BEGIN LISTED RECORDS

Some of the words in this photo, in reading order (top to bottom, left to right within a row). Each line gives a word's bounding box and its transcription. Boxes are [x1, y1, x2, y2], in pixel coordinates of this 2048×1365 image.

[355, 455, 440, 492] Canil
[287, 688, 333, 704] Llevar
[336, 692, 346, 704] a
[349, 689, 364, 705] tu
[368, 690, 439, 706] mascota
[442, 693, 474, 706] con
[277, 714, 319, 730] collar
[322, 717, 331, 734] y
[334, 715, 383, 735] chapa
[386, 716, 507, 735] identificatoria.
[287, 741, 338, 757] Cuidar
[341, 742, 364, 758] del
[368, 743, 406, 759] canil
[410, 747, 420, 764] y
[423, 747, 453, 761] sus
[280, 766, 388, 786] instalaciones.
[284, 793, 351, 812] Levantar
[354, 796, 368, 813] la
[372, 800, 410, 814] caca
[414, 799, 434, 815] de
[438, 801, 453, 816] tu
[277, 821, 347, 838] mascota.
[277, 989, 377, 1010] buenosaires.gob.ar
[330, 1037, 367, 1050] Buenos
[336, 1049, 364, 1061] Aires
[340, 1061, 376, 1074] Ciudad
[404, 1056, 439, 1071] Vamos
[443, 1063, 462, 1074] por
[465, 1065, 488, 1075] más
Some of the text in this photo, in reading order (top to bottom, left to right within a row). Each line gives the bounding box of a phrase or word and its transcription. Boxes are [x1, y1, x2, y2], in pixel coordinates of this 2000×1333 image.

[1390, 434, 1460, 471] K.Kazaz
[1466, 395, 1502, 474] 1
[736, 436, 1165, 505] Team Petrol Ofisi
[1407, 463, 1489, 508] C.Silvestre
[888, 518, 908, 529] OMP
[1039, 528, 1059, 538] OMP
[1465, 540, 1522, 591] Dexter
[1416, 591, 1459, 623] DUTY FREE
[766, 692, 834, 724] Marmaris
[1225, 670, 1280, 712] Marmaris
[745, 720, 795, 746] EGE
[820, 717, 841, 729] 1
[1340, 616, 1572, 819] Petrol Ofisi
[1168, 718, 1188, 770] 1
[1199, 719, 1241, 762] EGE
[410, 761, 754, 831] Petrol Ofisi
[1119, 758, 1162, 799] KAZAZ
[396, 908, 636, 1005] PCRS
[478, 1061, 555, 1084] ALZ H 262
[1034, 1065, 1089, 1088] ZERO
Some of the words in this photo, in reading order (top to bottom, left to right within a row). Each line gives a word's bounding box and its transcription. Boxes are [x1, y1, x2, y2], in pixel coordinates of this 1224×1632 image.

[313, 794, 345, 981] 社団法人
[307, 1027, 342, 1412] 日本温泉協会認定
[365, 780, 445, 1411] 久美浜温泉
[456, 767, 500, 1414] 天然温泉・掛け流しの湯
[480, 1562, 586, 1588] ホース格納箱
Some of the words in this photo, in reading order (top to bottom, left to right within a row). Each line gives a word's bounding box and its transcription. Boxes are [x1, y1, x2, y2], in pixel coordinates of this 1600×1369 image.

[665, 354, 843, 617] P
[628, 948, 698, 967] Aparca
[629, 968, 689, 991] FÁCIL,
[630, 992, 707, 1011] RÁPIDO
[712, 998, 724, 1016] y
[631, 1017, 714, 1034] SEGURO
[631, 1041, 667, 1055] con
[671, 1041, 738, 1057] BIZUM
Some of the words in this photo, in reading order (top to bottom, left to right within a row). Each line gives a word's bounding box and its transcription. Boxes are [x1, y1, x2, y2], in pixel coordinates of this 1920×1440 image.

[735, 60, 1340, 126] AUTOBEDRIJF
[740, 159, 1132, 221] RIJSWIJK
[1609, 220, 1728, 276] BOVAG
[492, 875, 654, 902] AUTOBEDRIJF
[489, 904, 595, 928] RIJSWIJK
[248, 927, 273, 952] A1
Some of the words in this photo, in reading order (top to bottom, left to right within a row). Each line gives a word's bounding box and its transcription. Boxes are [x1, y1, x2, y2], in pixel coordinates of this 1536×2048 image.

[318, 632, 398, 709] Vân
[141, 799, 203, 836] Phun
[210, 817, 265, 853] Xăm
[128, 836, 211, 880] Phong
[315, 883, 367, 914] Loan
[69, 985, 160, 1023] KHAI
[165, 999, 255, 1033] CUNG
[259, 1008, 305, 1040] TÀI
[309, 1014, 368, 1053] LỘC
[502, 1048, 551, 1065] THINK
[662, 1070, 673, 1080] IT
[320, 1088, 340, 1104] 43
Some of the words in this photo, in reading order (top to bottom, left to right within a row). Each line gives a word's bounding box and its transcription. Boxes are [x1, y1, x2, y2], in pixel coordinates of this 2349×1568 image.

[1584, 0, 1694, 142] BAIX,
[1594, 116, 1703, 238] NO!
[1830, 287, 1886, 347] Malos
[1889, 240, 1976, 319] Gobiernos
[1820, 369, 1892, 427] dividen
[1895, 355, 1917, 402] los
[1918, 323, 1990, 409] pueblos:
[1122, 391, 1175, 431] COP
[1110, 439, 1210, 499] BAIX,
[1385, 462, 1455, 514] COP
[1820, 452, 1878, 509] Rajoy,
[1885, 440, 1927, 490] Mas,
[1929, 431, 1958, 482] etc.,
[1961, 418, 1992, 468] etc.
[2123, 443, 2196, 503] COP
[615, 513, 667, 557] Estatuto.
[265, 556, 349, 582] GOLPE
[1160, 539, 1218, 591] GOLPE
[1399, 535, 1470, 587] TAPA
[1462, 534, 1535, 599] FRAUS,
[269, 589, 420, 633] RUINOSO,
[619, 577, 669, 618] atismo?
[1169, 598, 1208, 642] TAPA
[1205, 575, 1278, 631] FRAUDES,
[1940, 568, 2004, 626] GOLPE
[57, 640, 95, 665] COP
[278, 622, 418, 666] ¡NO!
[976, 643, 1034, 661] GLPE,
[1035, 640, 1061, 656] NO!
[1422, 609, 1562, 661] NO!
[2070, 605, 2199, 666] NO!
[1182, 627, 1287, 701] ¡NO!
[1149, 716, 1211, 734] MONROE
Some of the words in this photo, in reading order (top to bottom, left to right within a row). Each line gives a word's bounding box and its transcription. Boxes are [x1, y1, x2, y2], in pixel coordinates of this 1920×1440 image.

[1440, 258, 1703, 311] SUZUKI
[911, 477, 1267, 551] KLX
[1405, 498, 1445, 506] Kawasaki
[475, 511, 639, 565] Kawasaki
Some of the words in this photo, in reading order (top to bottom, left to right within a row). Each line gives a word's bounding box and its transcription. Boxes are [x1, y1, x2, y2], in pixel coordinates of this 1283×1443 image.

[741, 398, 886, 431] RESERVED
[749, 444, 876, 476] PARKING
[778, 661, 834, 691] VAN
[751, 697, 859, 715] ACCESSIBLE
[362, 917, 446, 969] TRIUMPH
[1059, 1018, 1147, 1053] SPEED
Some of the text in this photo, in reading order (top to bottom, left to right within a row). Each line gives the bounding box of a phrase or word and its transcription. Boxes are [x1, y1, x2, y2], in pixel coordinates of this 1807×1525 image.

END LISTED RECORDS

= EXERCISE DIRECTIONS =
Line by line, copy the entries above exactly as they appear.

= WRITTEN RESPONSE =
Some of the words in this photo, in reading order (top to bottom, left to right within a row). Each line gives a word's bounding box and its transcription. Boxes are [x1, y1, x2, y2], in pixel coordinates of this 2048×1365 image.

[355, 455, 440, 492] Canil
[287, 688, 333, 704] Llevar
[336, 692, 346, 704] a
[349, 689, 364, 705] tu
[368, 690, 439, 706] mascota
[442, 693, 474, 706] con
[277, 714, 319, 730] collar
[322, 717, 331, 734] y
[334, 715, 383, 735] chapa
[386, 716, 507, 735] identificatoria.
[287, 741, 338, 757] Cuidar
[341, 742, 364, 758] del
[368, 743, 406, 759] canil
[410, 747, 420, 764] y
[423, 747, 453, 761] sus
[280, 766, 388, 786] instalaciones.
[284, 793, 351, 812] Levantar
[354, 796, 368, 813] la
[372, 800, 410, 814] caca
[414, 799, 434, 815] de
[438, 801, 453, 816] tu
[277, 821, 347, 838] mascota.
[277, 989, 377, 1010] buenosaires.gob.ar
[330, 1037, 367, 1050] Buenos
[336, 1049, 364, 1061] Aires
[340, 1061, 376, 1074] Ciudad
[404, 1056, 439, 1071] Vamos
[443, 1063, 462, 1074] por
[465, 1065, 488, 1075] más
Some of the text in this photo, in reading order (top to bottom, left to right within a row). Each line gives the bounding box of a phrase or word and its transcription. Boxes are [x1, y1, x2, y2], in pixel coordinates of this 2000×1333 image.

[1390, 434, 1460, 471] K.Kazaz
[1466, 395, 1502, 474] 1
[736, 436, 1165, 505] Team Petrol Ofisi
[1407, 463, 1489, 508] C.Silvestre
[888, 518, 908, 529] OMP
[1039, 528, 1059, 538] OMP
[1465, 540, 1522, 591] Dexter
[1416, 591, 1459, 623] DUTY FREE
[766, 692, 834, 724] Marmaris
[1225, 670, 1280, 712] Marmaris
[745, 720, 795, 746] EGE
[820, 717, 841, 729] 1
[1340, 616, 1572, 819] Petrol Ofisi
[1168, 718, 1188, 770] 1
[1199, 719, 1241, 762] EGE
[410, 761, 754, 831] Petrol Ofisi
[1119, 758, 1162, 799] KAZAZ
[396, 908, 636, 1005] PCRS
[478, 1061, 555, 1084] ALZ H 262
[1034, 1065, 1089, 1088] ZERO
Some of the words in this photo, in reading order (top to bottom, left to right within a row). Each line gives a word's bounding box and its transcription. Boxes are [x1, y1, x2, y2], in pixel coordinates of this 1224×1632 image.

[313, 794, 345, 981] 社団法人
[307, 1027, 342, 1412] 日本温泉協会認定
[365, 780, 445, 1411] 久美浜温泉
[456, 767, 500, 1414] 天然温泉・掛け流しの湯
[480, 1562, 586, 1588] ホース格納箱
Some of the words in this photo, in reading order (top to bottom, left to right within a row). Each line gives a word's bounding box and its transcription. Boxes are [x1, y1, x2, y2], in pixel coordinates of this 1600×1369 image.

[665, 354, 843, 617] P
[628, 948, 698, 967] Aparca
[629, 968, 689, 991] FÁCIL,
[630, 992, 707, 1011] RÁPIDO
[712, 998, 724, 1016] y
[631, 1017, 714, 1034] SEGURO
[631, 1041, 667, 1055] con
[671, 1041, 738, 1057] BIZUM
Some of the words in this photo, in reading order (top to bottom, left to right within a row). Each line gives a word's bounding box and its transcription. Boxes are [x1, y1, x2, y2], in pixel coordinates of this 1920×1440 image.

[735, 60, 1340, 126] AUTOBEDRIJF
[740, 159, 1132, 221] RIJSWIJK
[1609, 220, 1728, 276] BOVAG
[492, 875, 654, 902] AUTOBEDRIJF
[489, 904, 595, 928] RIJSWIJK
[248, 927, 273, 952] A1
Some of the words in this photo, in reading order (top to bottom, left to right within a row). Each line gives a word's bounding box and its transcription. Boxes are [x1, y1, x2, y2], in pixel coordinates of this 1536×2048 image.

[318, 632, 398, 709] Vân
[141, 799, 203, 836] Phun
[210, 817, 265, 853] Xăm
[128, 836, 211, 880] Phong
[315, 883, 367, 914] Loan
[69, 985, 160, 1023] KHAI
[165, 999, 255, 1033] CUNG
[259, 1008, 305, 1040] TÀI
[309, 1014, 368, 1053] LỘC
[502, 1048, 551, 1065] THINK
[662, 1070, 673, 1080] IT
[320, 1088, 340, 1104] 43
Some of the words in this photo, in reading order (top to bottom, left to right within a row). Each line gives a word's bounding box and its transcription. Boxes are [x1, y1, x2, y2], in pixel coordinates of this 2349×1568 image.

[1584, 0, 1694, 142] BAIX,
[1594, 116, 1703, 238] NO!
[1830, 287, 1886, 347] Malos
[1889, 240, 1976, 319] Gobiernos
[1820, 369, 1892, 427] dividen
[1895, 355, 1917, 402] los
[1918, 323, 1990, 409] pueblos:
[1122, 391, 1175, 431] COP
[1110, 439, 1210, 499] BAIX,
[1385, 462, 1455, 514] COP
[1820, 452, 1878, 509] Rajoy,
[1885, 440, 1927, 490] Mas,
[1929, 431, 1958, 482] etc.,
[1961, 418, 1992, 468] etc.
[2123, 443, 2196, 503] COP
[615, 513, 667, 557] Estatuto.
[265, 556, 349, 582] GOLPE
[1160, 539, 1218, 591] GOLPE
[1399, 535, 1470, 587] TAPA
[1462, 534, 1535, 599] FRAUS,
[269, 589, 420, 633] RUINOSO,
[619, 577, 669, 618] atismo?
[1169, 598, 1208, 642] TAPA
[1205, 575, 1278, 631] FRAUDES,
[1940, 568, 2004, 626] GOLPE
[57, 640, 95, 665] COP
[278, 622, 418, 666] ¡NO!
[976, 643, 1034, 661] GLPE,
[1035, 640, 1061, 656] NO!
[1422, 609, 1562, 661] NO!
[2070, 605, 2199, 666] NO!
[1182, 627, 1287, 701] ¡NO!
[1149, 716, 1211, 734] MONROE
Some of the words in this photo, in reading order (top to bottom, left to right within a row). Each line gives a word's bounding box and its transcription. Boxes are [x1, y1, x2, y2], in pixel coordinates of this 1920×1440 image.

[1440, 258, 1703, 311] SUZUKI
[911, 477, 1267, 551] KLX
[1405, 498, 1445, 506] Kawasaki
[475, 511, 639, 565] Kawasaki
Some of the words in this photo, in reading order (top to bottom, left to right within a row). Each line gives a word's bounding box and its transcription. Boxes are [x1, y1, x2, y2], in pixel coordinates of this 1283×1443 image.

[741, 398, 886, 431] RESERVED
[749, 444, 876, 476] PARKING
[778, 661, 834, 691] VAN
[751, 697, 859, 715] ACCESSIBLE
[362, 917, 446, 969] TRIUMPH
[1059, 1018, 1147, 1053] SPEED
Some of the text in this photo, in reading order (top to bottom, left to right within a row). Each line gives the bounding box of a phrase or word and its transcription. Boxes are [x1, y1, x2, y2], in pixel coordinates of this 1807×1525 image.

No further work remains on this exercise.